Syria’s brutal internal conflict is another area where Iran has held great influence. Shia militia are deemed to be Iran’s proxy agents inside of the deeply war-torn Syria. The blame for the atrocities in the country and the brutality of the war that continues to rage has touched every actor with a stake in Syria. Again, Minister Coveney raised the issue with Minister Zarif, inviting Iran to support Ireland’s efforts to ensure the delivery of humanitarian aid through Norway’s efforts and address violence in Syria, not to mention Afghanistan.
Minister Coveney spoke to the issue of Iran’s influence in the region amongst the Houthi in Yemen, “I emphasised Ireland’s full support to the work of UN Special Envoy for Yemen, Martin Griffiths, and the importance that we attach to all parties agreeing to a negotiated solution to the conflict. It is unacceptable that 24 million Yemenis are in need of humanitarian assistance and that half of Yemeni children under 5 suffer from acute malnutrition. Political will is needed to end the conflict and all those with influence should encourage the parties to engage seriously and urgently with the efforts of the Special Envoy.”

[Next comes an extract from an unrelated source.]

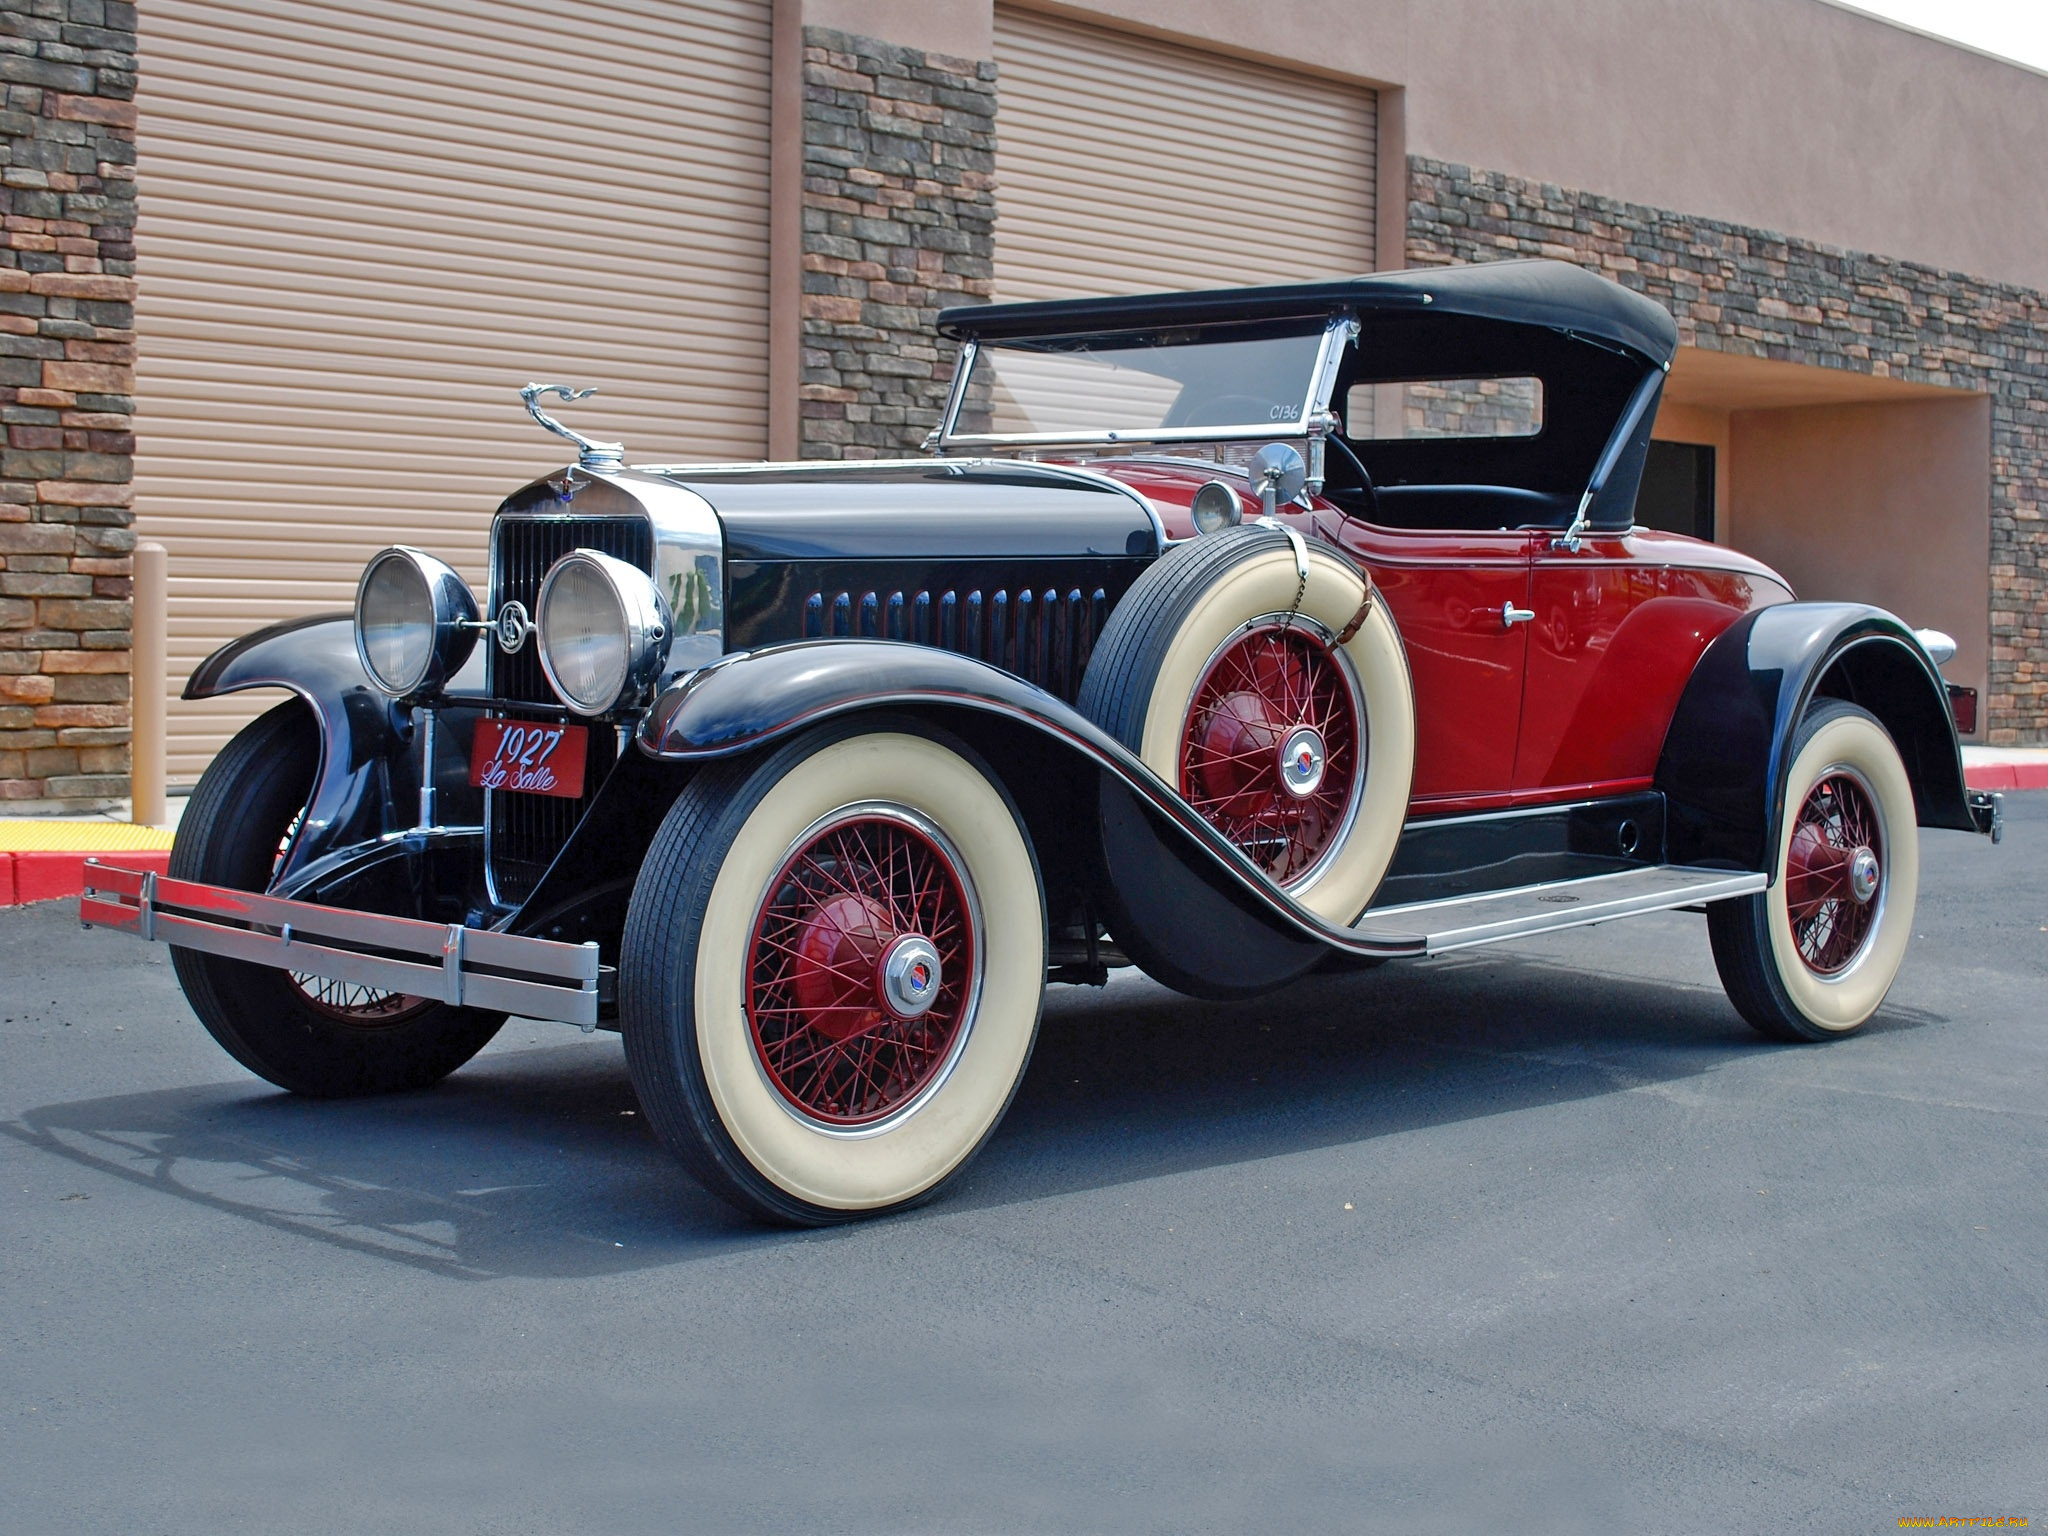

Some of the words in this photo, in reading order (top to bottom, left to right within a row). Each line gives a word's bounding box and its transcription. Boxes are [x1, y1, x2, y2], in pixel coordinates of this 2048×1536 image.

[1270, 404, 1298, 420] C136
[494, 725, 561, 766] 1927
[480, 760, 509, 789] La
[509, 764, 558, 792] Salle

“I also highlighted the need for progress in Syria, under the terms of Security Council Resolution 2254. Ireland has a key role on the Security Council along with Norway in ensuring ongoing humanitarian aid to all those in need in Syria and I asked Minister Zarif for Iran’s support in our work on this file. We discussed Afghanistan, where Ireland and Iran share concerns at the increase in violence in recent months and urge all parties to the negotiations to renew their commitment to making progress on a comprehensive peace deal.”

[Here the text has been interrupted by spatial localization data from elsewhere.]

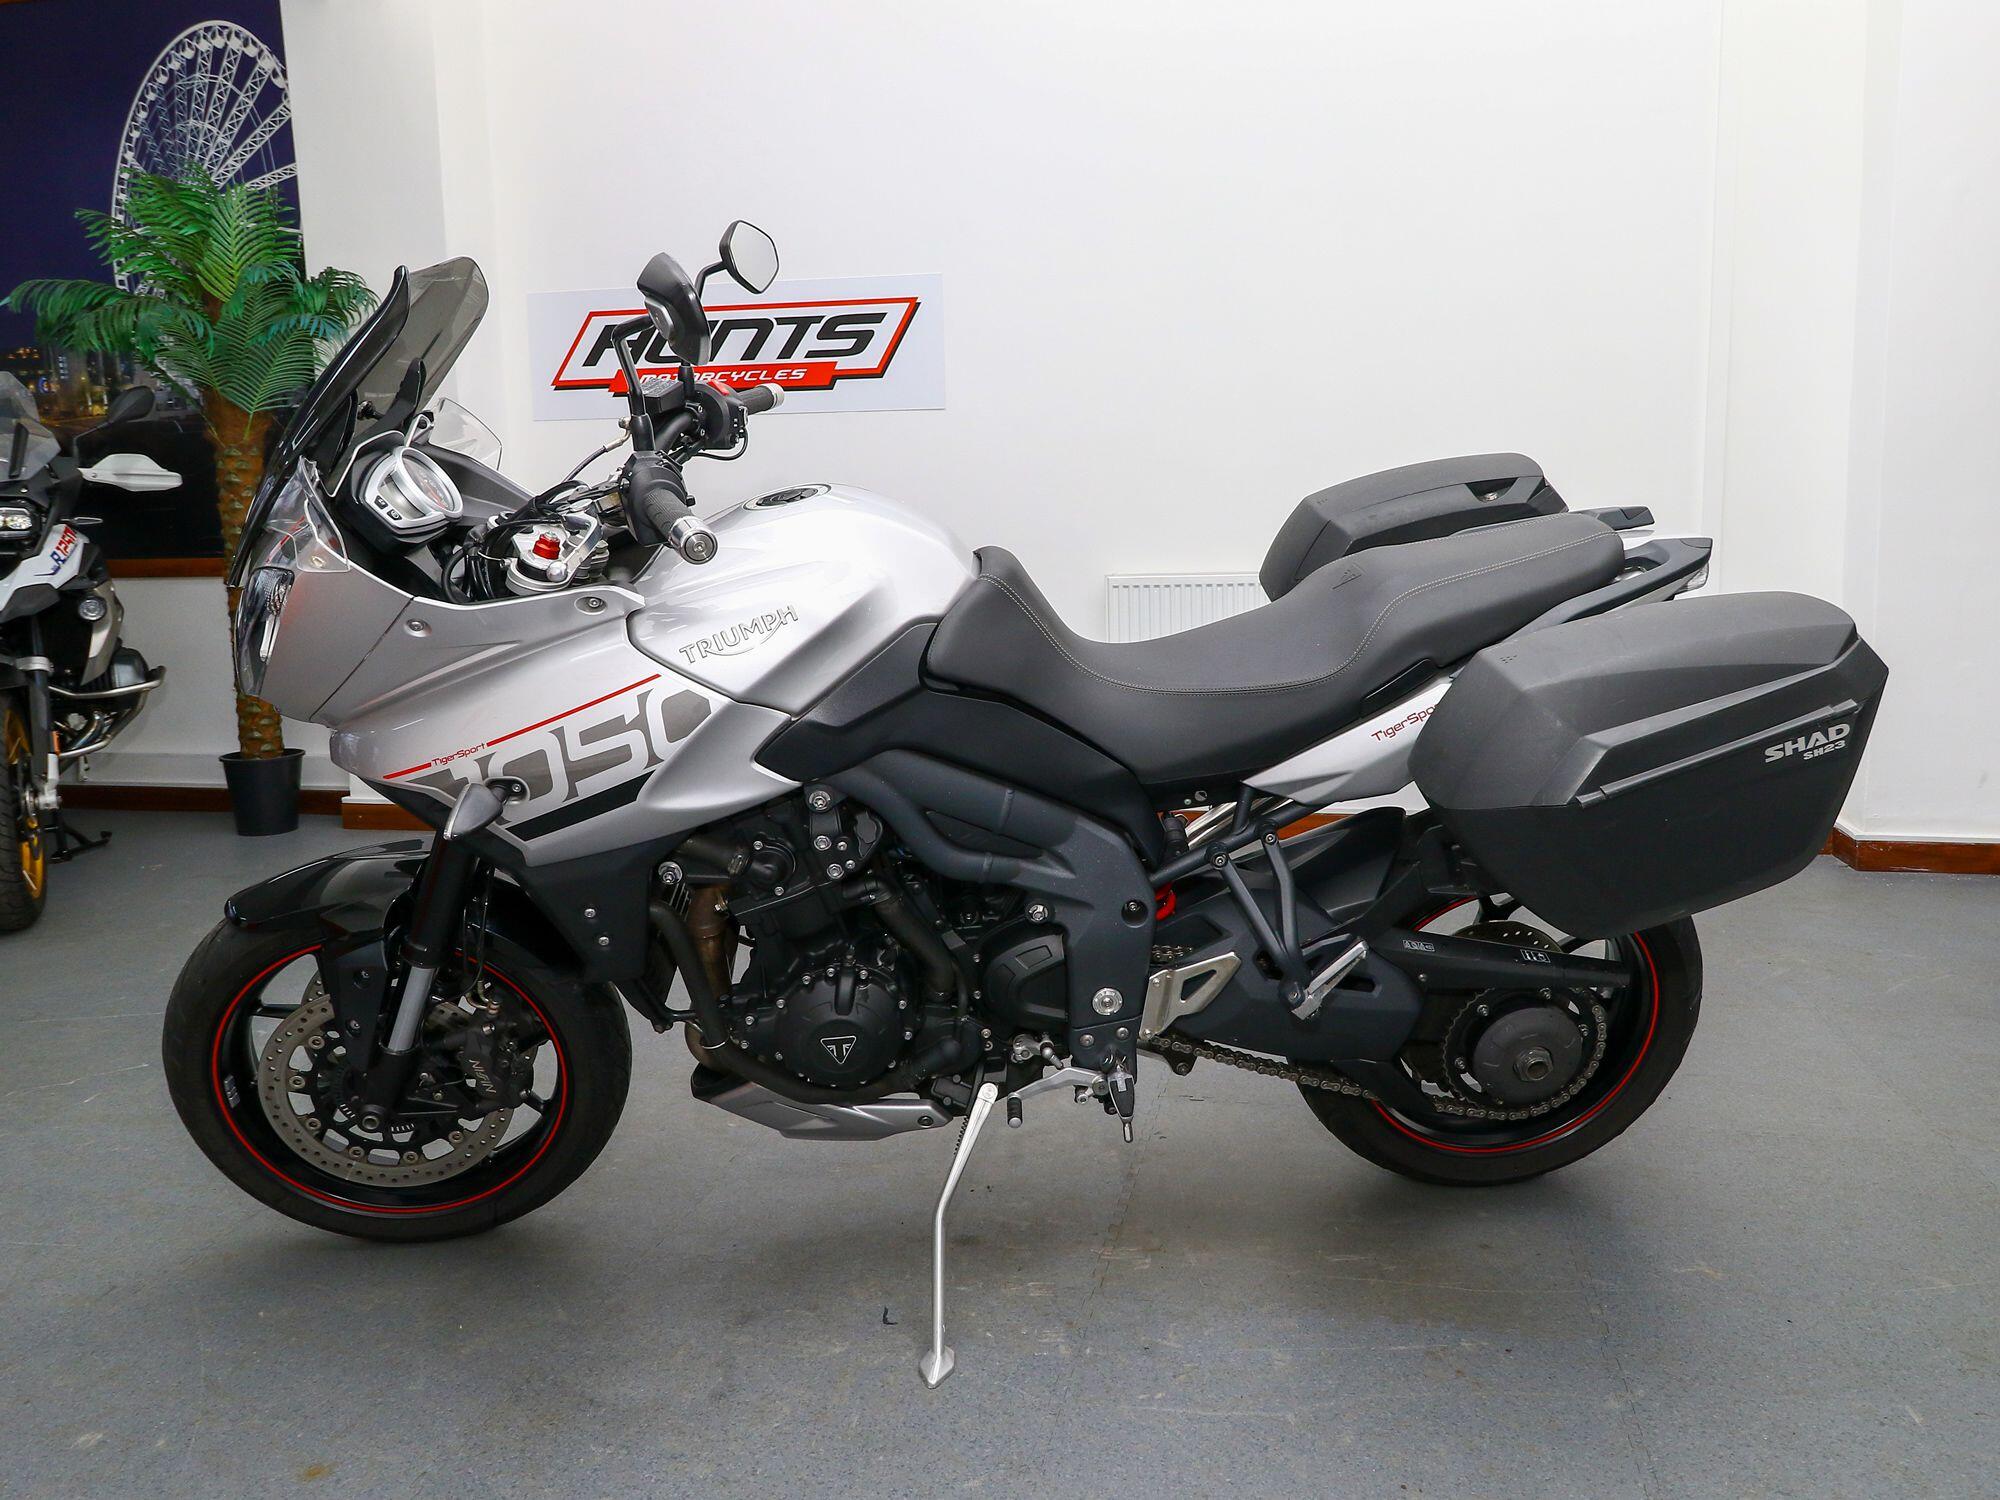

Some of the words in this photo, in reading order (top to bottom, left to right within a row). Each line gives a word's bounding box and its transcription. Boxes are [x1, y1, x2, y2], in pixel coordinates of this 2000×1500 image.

[679, 604, 798, 664] TRIUMPH
[1371, 702, 1438, 741] TigerSpo
[431, 742, 485, 766] TigerSport
[1764, 723, 1850, 763] SHAD
[1803, 740, 1846, 760] SH23

Shared Concern Over Plight of the Palestinian People
A significant topic of the discussions between Minister Coveney and Foreign Affairs Minister Javad Zarif focused on the status of the Palestinian people and the Occupied Territories. Minister Coveney spoke encouragingly about the shared Irish-Iranian concern for the Palestinian people:
“Minister Zarif and I also welcomed the forthcoming Palestinian elections and noted the importance of all parties engaging in a constructive and transparent manner. The holding of elections in the West Bank, East Jerusalem, and in Gaza is a crucial step towards Palestinian unity and reconciliation, giving a voice to Palestinians throughout the occupied Palestinian territory, and renewing the legitimacy of national institutions, including a democratically elected Parliament and Government. I reiterated Ireland’s firm commitment to a negotiated two-state solution that ends the occupation that began in 1967; with Jerusalem as the capital of both States, on the basis of international law, including relevant UN Security Council resolutions.
Minister Coveney also discussed recent developments in Ireland, the EU and Iran with President Rouhani and Minister Zarif. These discussions touched on the Covid-19 pandemic, access to vaccines and well as political and economic developments and human rights issues.